━━ Task material

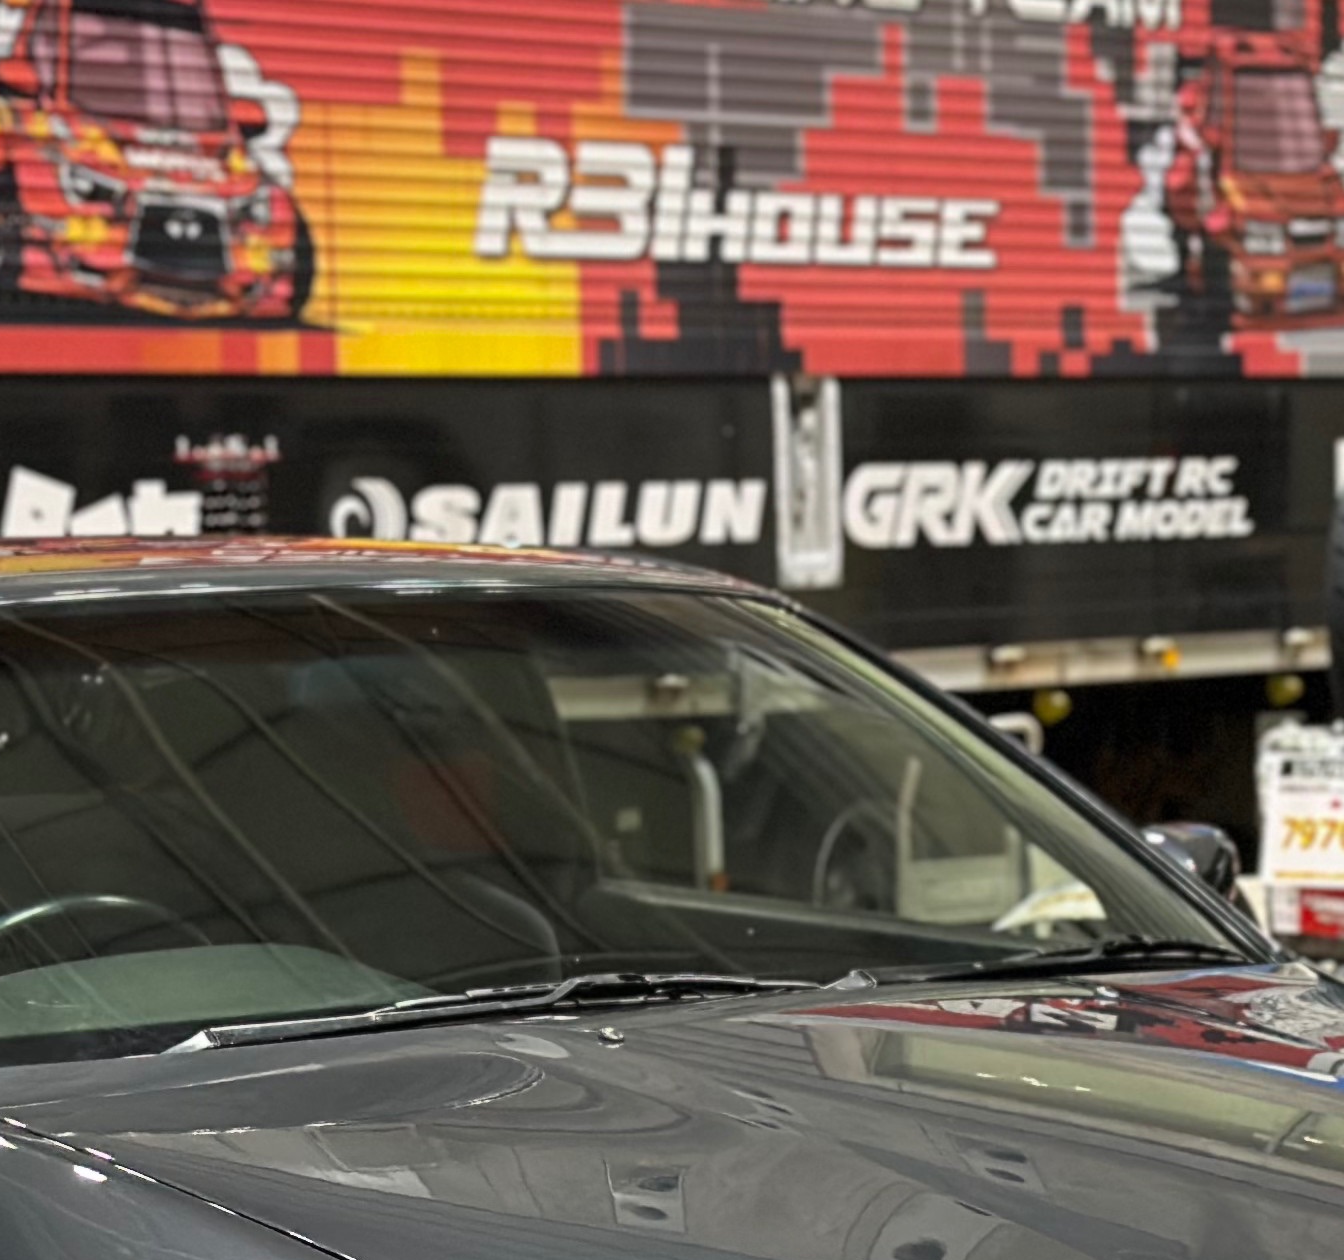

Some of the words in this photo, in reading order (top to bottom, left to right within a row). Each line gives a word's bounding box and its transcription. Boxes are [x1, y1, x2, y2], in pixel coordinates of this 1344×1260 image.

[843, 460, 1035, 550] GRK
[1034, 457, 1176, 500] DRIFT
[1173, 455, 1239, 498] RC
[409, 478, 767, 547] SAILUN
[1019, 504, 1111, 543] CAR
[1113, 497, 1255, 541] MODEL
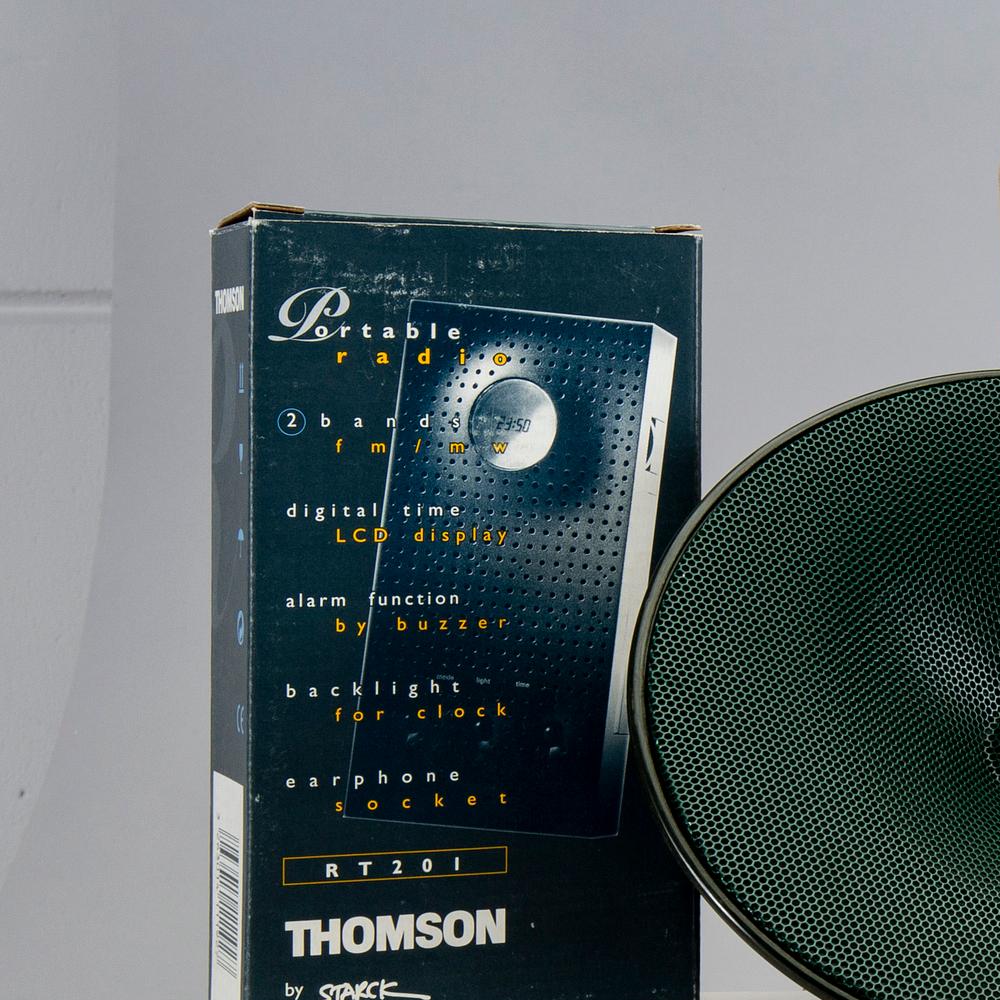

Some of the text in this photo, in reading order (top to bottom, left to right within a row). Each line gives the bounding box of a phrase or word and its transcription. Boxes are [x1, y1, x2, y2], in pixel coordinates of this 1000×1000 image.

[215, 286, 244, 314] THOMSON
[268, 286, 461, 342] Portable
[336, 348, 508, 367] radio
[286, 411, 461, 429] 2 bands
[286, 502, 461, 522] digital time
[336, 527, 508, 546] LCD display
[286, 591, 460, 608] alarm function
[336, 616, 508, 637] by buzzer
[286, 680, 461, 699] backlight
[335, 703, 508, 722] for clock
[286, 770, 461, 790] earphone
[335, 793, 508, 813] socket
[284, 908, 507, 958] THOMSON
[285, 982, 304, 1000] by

━━━━

-- Aim of the task --
Every line of the data above is to be set down word for word, with the pictures left out.

-- Exercise output --
Some of the words in this photo, in reading order (top to bottom, left to right within a row). Each line gives a word's bounding box and its transcription. Boxes are [x1, y1, x2, y2], in pixel coordinates of this 1344×1260 image.

[843, 460, 1035, 550] GRK
[1034, 457, 1176, 500] DRIFT
[1173, 455, 1239, 498] RC
[409, 478, 767, 547] SAILUN
[1019, 504, 1111, 543] CAR
[1113, 497, 1255, 541] MODEL

Some of the text in this photo, in reading order (top to bottom, left to right within a row). Each line gives the bounding box of a phrase or word and its transcription. Boxes are [x1, y1, x2, y2], in pixel coordinates of this 1000×1000 image.

[215, 286, 244, 314] THOMSON
[268, 286, 461, 342] Portable
[336, 348, 508, 367] radio
[286, 411, 461, 429] 2 bands
[286, 502, 461, 522] digital time
[336, 527, 508, 546] LCD display
[286, 591, 460, 608] alarm function
[336, 616, 508, 637] by buzzer
[286, 680, 461, 699] backlight
[335, 703, 508, 722] for clock
[286, 770, 461, 790] earphone
[335, 793, 508, 813] socket
[284, 908, 507, 958] THOMSON
[285, 982, 304, 1000] by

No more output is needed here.